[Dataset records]
◇ ◇ ◇ ◇ ◇ ◇ ◇
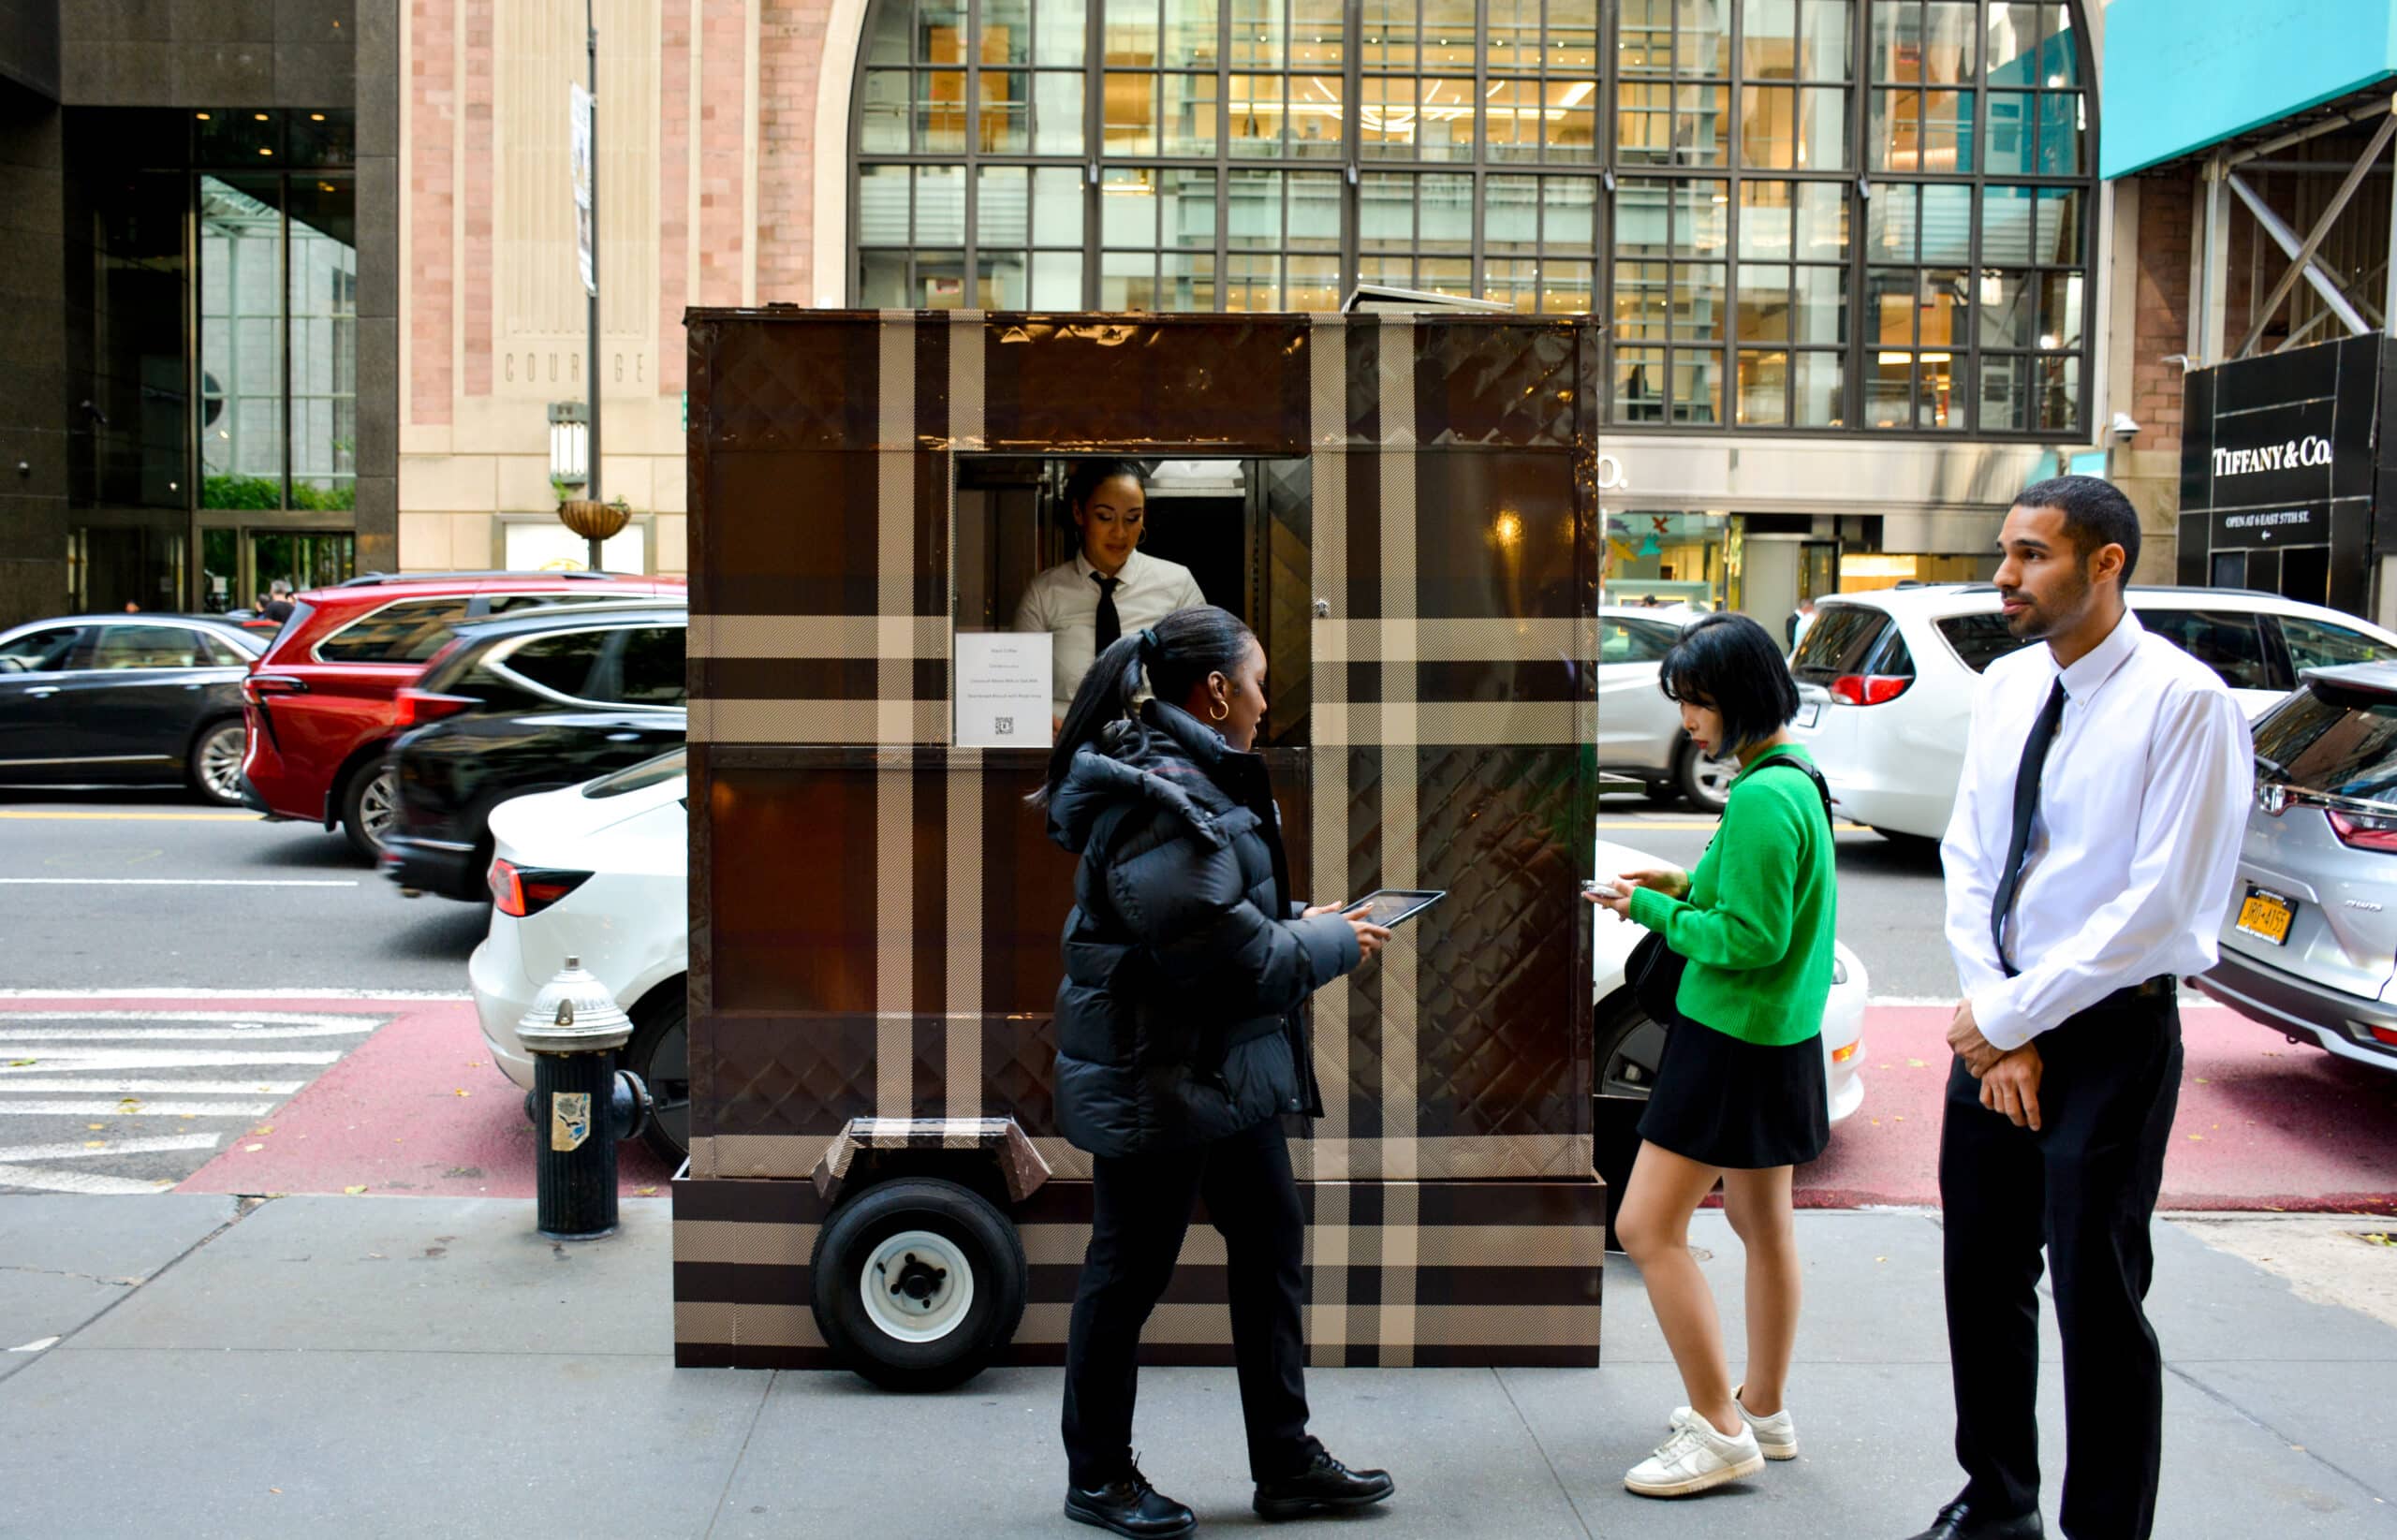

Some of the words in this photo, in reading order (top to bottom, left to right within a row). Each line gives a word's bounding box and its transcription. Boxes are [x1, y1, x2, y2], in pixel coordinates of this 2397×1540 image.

[505, 352, 643, 383] COURGE
[2226, 516, 2244, 529] OPEN
[2245, 515, 2255, 527] AT
[2260, 512, 2279, 526] EAST
[2279, 511, 2298, 524] 57TH
◇ ◇ ◇ ◇ ◇ ◇ ◇
## WHAT THE TASK REQUIRES:
Exclude the pictures and reproduce every entry exactly.

## ANSWER TO THIS PROBLEM:
Some of the words in this photo, in reading order (top to bottom, left to right within a row). Each line gives a word's bounding box and its transcription. Boxes are [x1, y1, x2, y2], in pixel coordinates of this 2397×1540 image.

[505, 352, 643, 383] COURGE
[2226, 516, 2244, 529] OPEN
[2245, 515, 2255, 527] AT
[2260, 512, 2279, 526] EAST
[2279, 511, 2298, 524] 57TH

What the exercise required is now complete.